While there are a number of investigative methods to gain information, or more importantly evidence against a suspect, one method is through direct surveillance of that suspect including foot surveillance. Naturally the investigating officers’ dress code will vary according to the circumstances of the investigation at that particular time. Be it static observations or one where the suspect is being followed, the officer will have to dress accordingly that will enable them to blend in the area. As such there is no specific dress code for surveillance work. This can also apply to counter terrorism investigators when meeting their informants. For officers not engaged in surveillance work this may be different but again it depends upon the dress code for each states’ detective officers. For example, in the UK detectives are predominantly expected to wear office/business attire while working in their office or making enquiries. Again the dress code is open to change should those officers be attending a scene be it premises subject to a search or where a terrorist incident has occurred. This could entail less formal wear such as denim jeans and training shoes, but most officers will wear a protective body vest and a police baseball cap. Unlike the UK, in most states’ detective units they are likely to also carry a firearm, usually a 9mm semi-automatic pistol.

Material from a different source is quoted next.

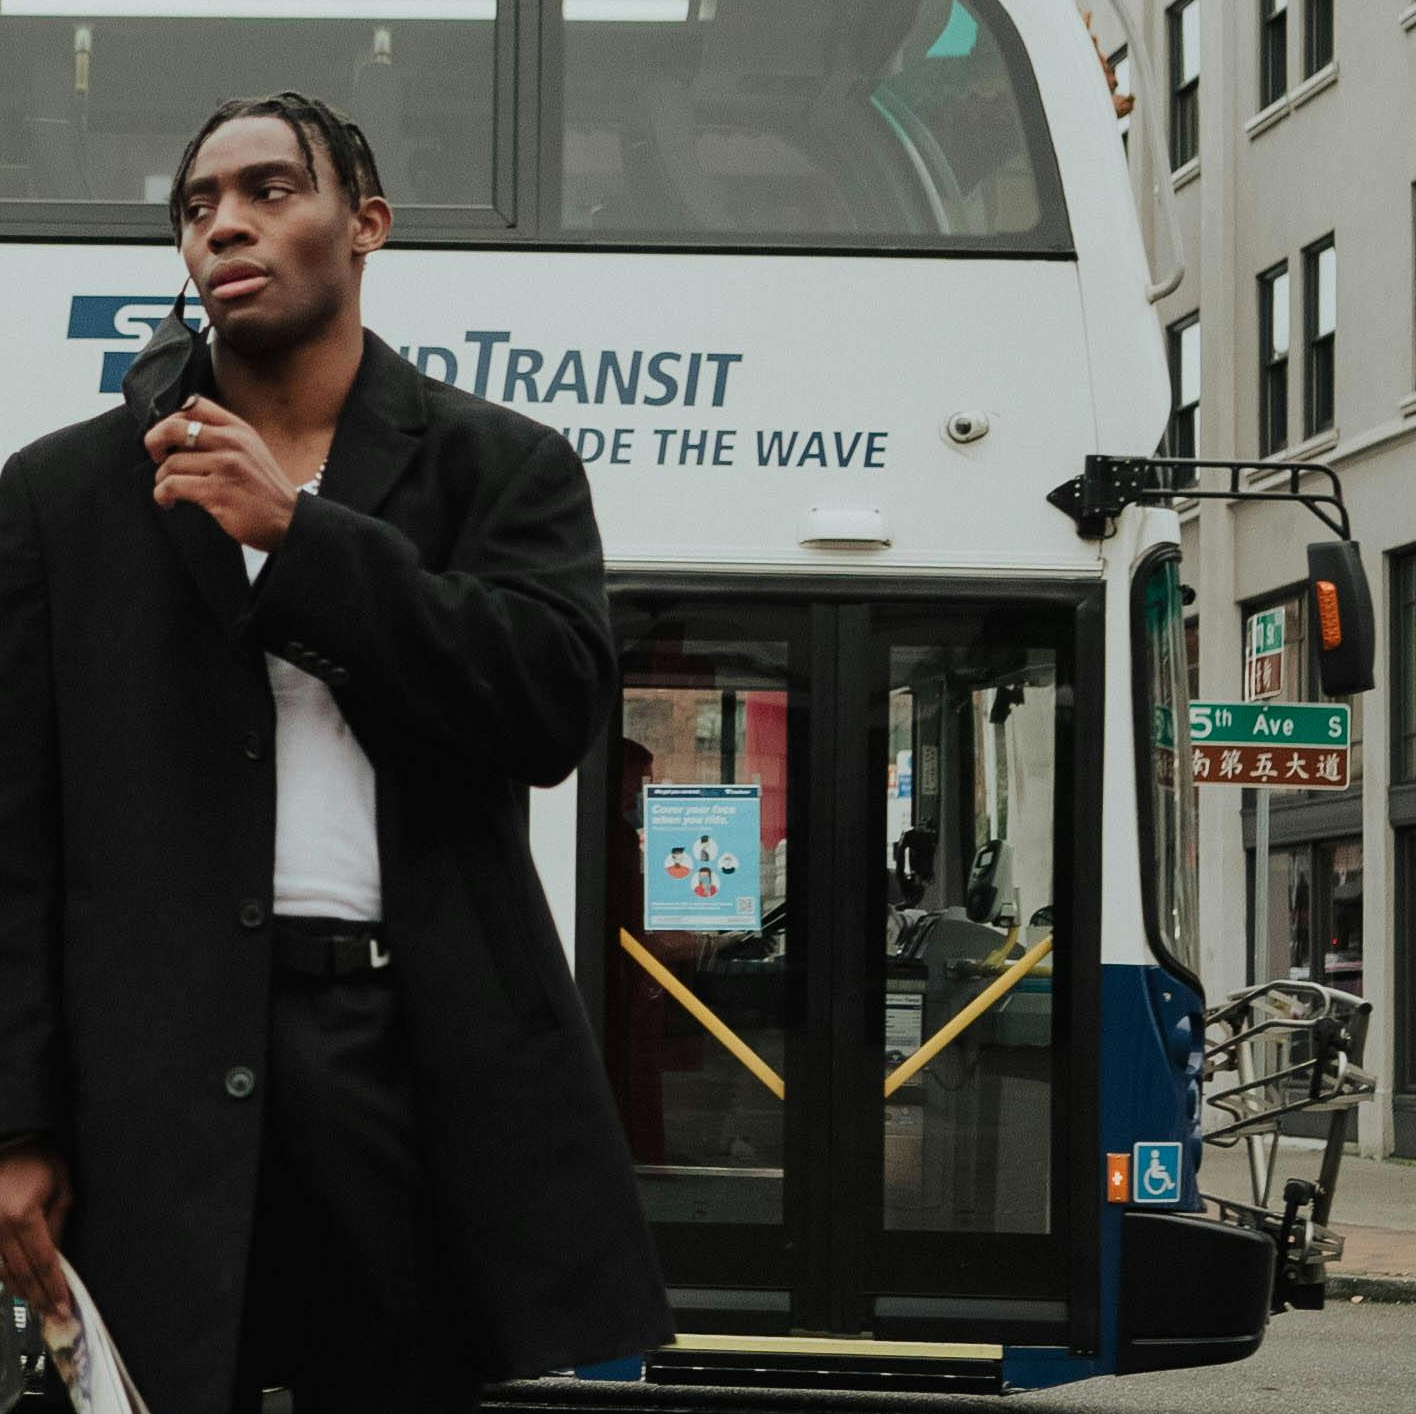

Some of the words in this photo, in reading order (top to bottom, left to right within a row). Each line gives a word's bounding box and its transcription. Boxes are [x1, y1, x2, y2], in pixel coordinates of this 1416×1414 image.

Terrorism related investigations are complex, especially in the unfortunate occurrences where the investigations follow a terrorist attack resulting in police officers and staff from police departments outside the counter terrorism units attending the scene. Regarding officers not wearing a police uniform, it can be difficult for the observer to identify which department the various officers work in and what roles they carry out. To summarise, the most visible and identifiable are uniform officers assisting at scenes by policing the outer cordon to an incident to help preserve a crime scene as well as forensic police staff working inside that cordon searching for evidence. Also, more readily identifiable are officers from a state’s specialised firearms unit who attend to make safe a location where a terrorist attack has or is taking place, or, to secure and make safe premises linked to terrorist activity that are to be searched. It is other police officers, normally those who are part of specialised units that investigate suspected terrorist or terrorist acts, that are more difficult to identify as to what their role is. As they carry out various forms of investigation, especially surveillance work, it is necessary that they dress according to the role and area they are working in.
Dr David Lowe is principal lecturer at the Liverpool Centre for Advanced Policing, part of Liverpool John Moores University’s School of Humanities and Social Science.